Open and online but not a MOOC, GCU Games On – an alternative model for online engagement?

Sheila MacNeill is a Senior Lecturer at Glasgow Caledonian University

Glasgow Caledonian University have taken their first steps into the world of open online education this week with the launch of GCU Games On – a three-week, open online event to celebrate the Glasgow 2014 Commonwealth Games.

The event has been developed by GCU’s Blended Learning team: Professor Linda Creanor, Jim Emery and Sheila MacNeill. It has been designed as a fun way of bringing people together to share their experiences during Glasgow 2014 and to enable people to experience a little bit of online learning. Each week there have been a number of simple activities including a digital wishing tree where participants can share their wishes for Glasgow 2014. Participants also get the opportunity to win bronze, silver and gold digital medals.

The event has been developed very quickly, in little over a month, with no budget (just lots of our time). These factors brought a set of challenges which influenced the design of the event. What began as little more than an A4 proposal of what could be possible, is now up and running with participants from the UK, Canada, Australia and South Korea.
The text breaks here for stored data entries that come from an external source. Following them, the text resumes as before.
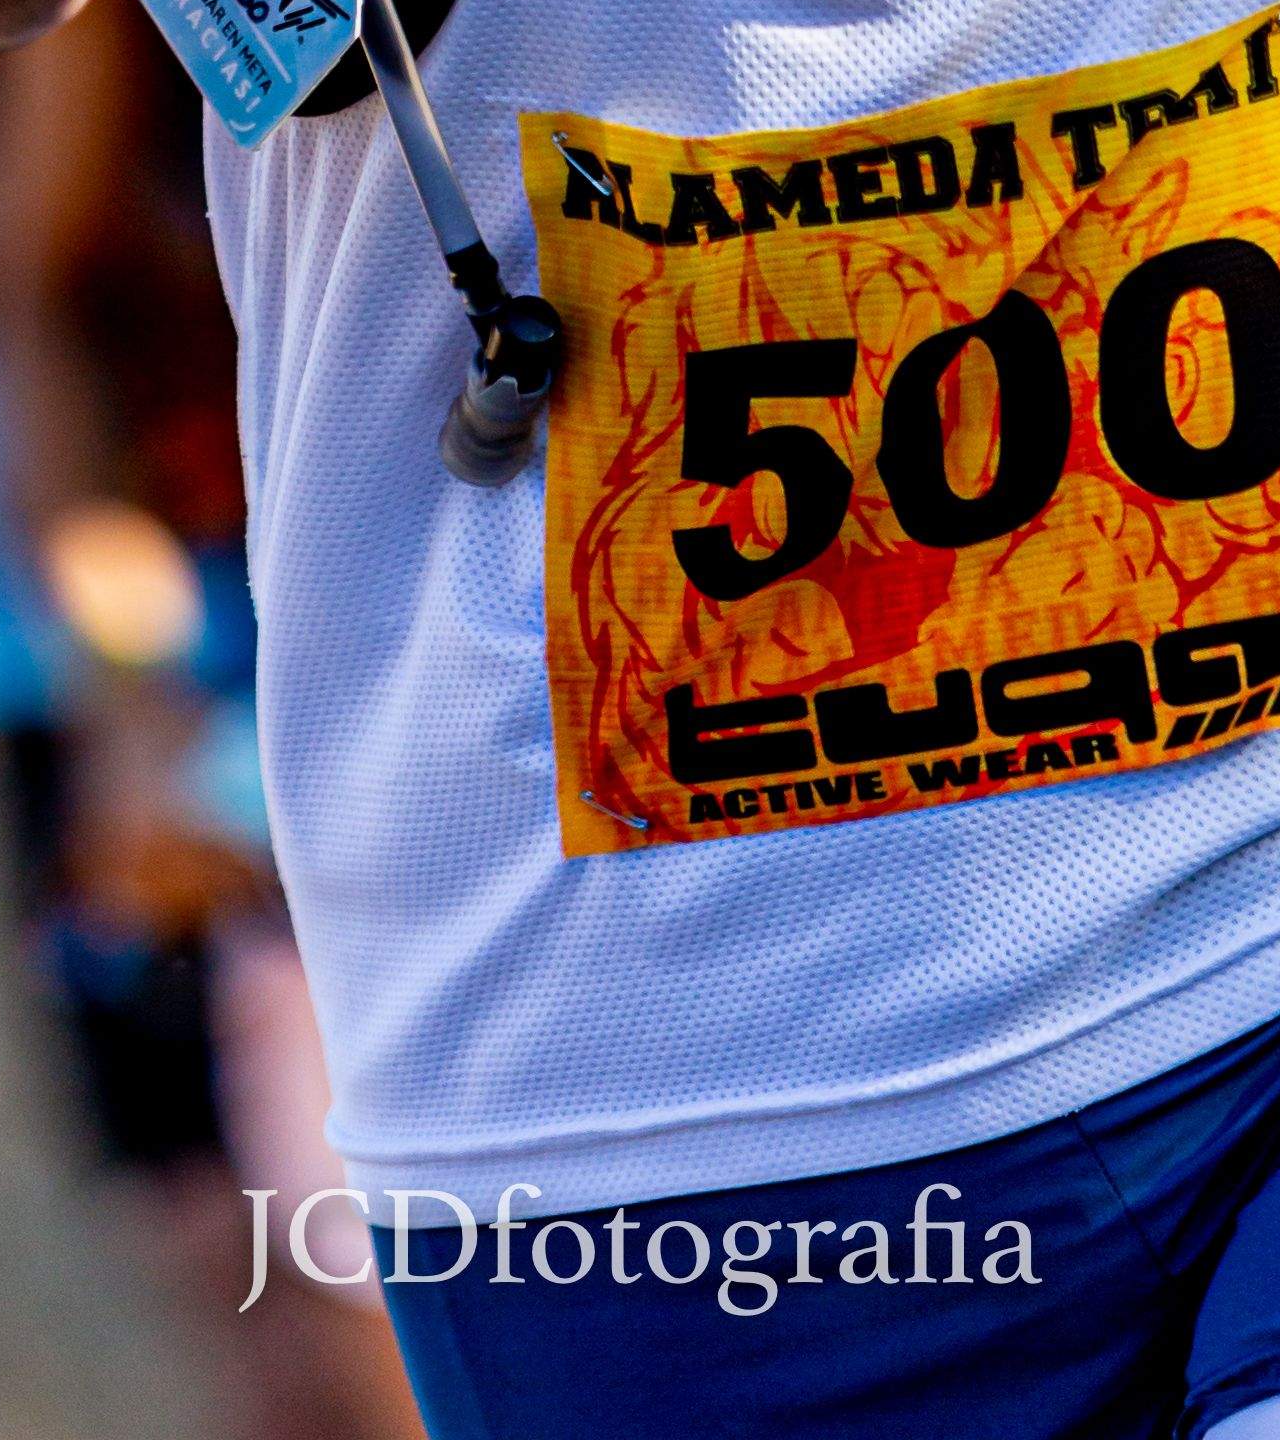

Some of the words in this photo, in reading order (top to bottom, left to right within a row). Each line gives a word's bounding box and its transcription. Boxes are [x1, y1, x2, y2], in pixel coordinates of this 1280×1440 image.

[222, 20, 243, 50] EN
[239, 46, 273, 95] META
[562, 121, 1025, 247] ALAMEDA
[689, 769, 887, 825] ACTIVE
[907, 733, 1120, 794] WEAR
Due to the time and (no) budget constraints, we as the design team, knew that we couldn’t develop a full-blown course. We were, and still are, in the middle of an upgrade to our VLE. We also started the development just as most of our colleagues with relevant subject area expertise went on leave. So we decided to go for something with a light touch which tapped into social media, in particular Twitter. We also decided not to have any learning objectives or a set learner type. We really wanted this to be open to anyone and to be a fun way for anyone and everyone to be able to participate in something a bit different during the Commonwealth Games. You don’t even have to like sport to take part.
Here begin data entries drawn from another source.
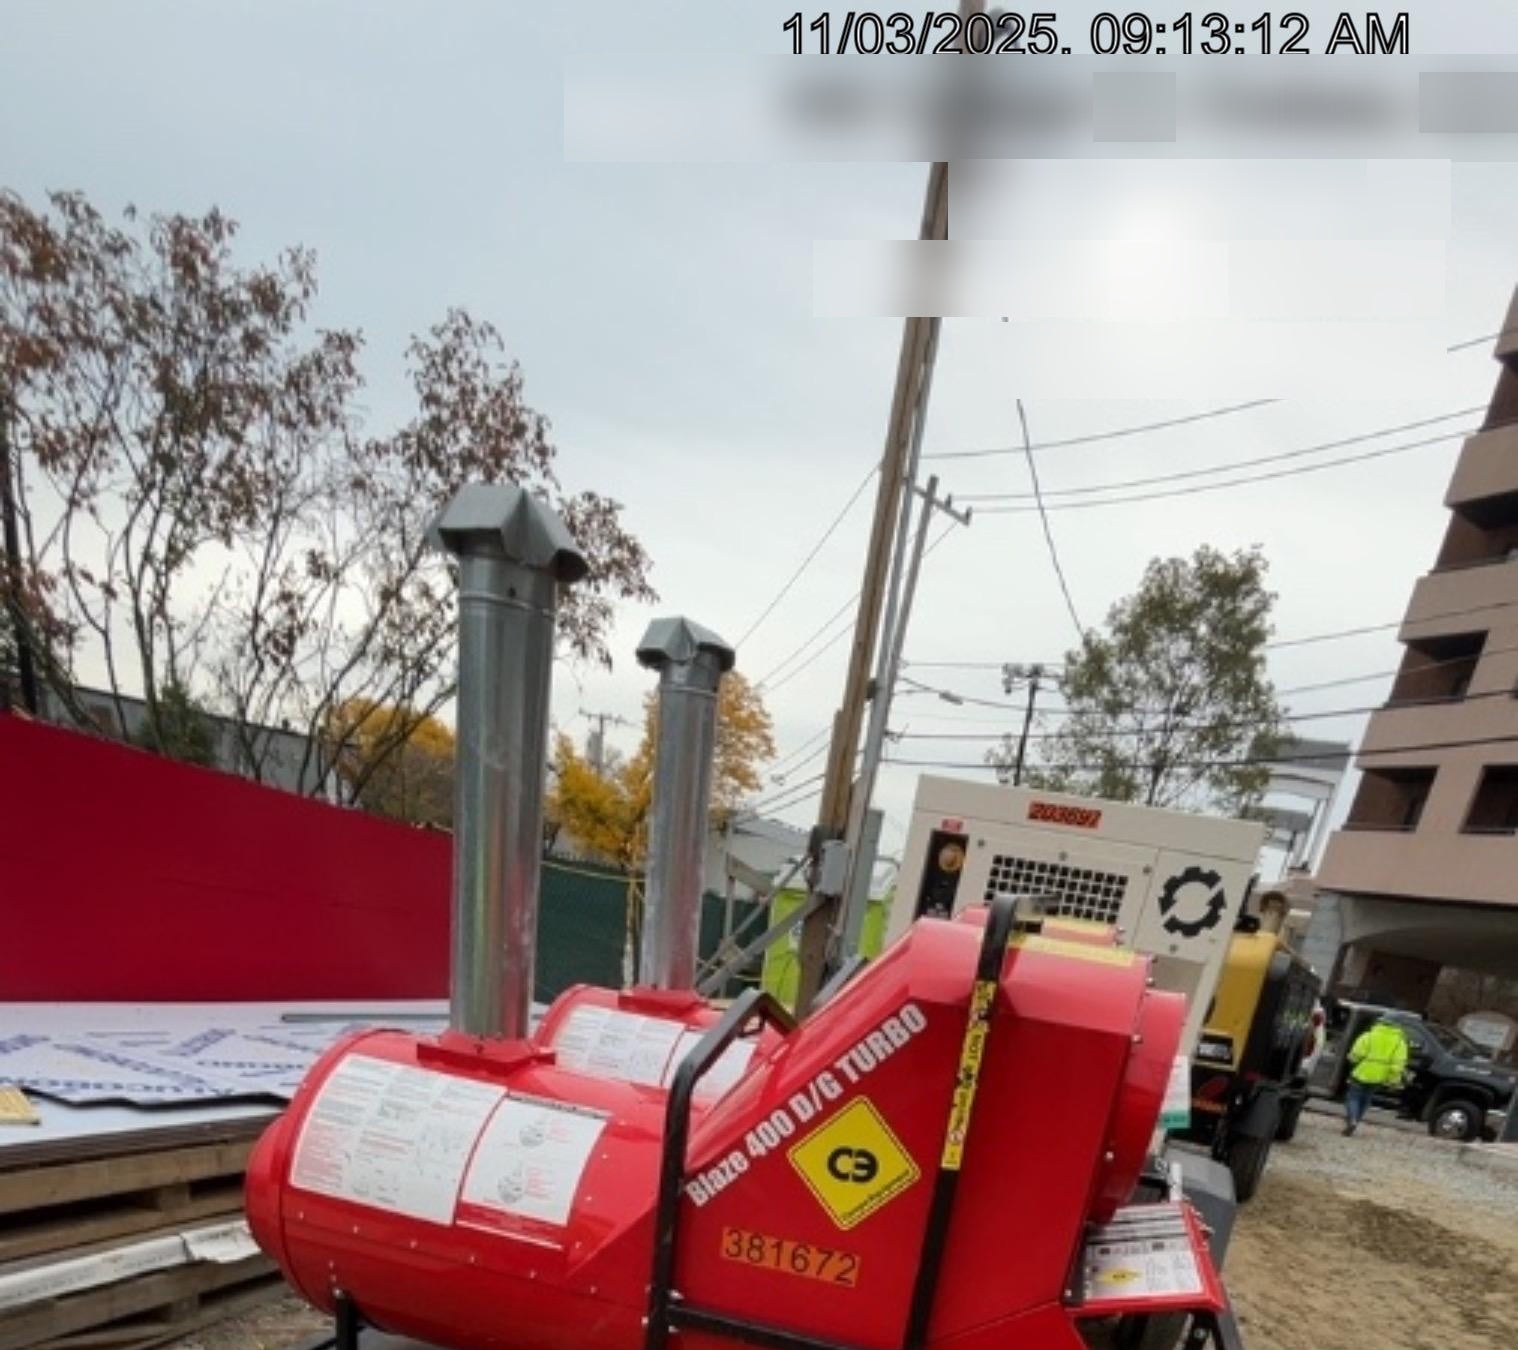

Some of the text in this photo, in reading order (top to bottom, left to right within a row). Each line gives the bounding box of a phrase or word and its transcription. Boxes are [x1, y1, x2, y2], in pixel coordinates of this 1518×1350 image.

[685, 1151, 750, 1207] Blaze
[745, 1109, 796, 1157] 400
[788, 1071, 844, 1123] D/G
[834, 1003, 928, 1084] TURBO
[725, 1228, 857, 1286] 381672
The core activities for each week are: a digital wishing tree (this idea came from an actual wishing tree we had on campus to celebrate Commonwealth day in March this year) and a medal activity (a quiz). Calling badges medals was just too good an opportunity not to miss, and it has been a good way for us to experiment with awarding badges. We are also encouraging people to share their thoughts and experiences of the Games via Twitter.

A key factor that enabled us to develop the event so quickly and easily including badges was our VLE BlackBoard which has just launched their new MOOC platform Open Education. Originally we had planned to use Coursesites, the open version of Blackboard Learn, however, after a few emails, we were lucky enough to be offered early access to the new platform. We are the first University in the UK, if not the world, to actually go live with this system.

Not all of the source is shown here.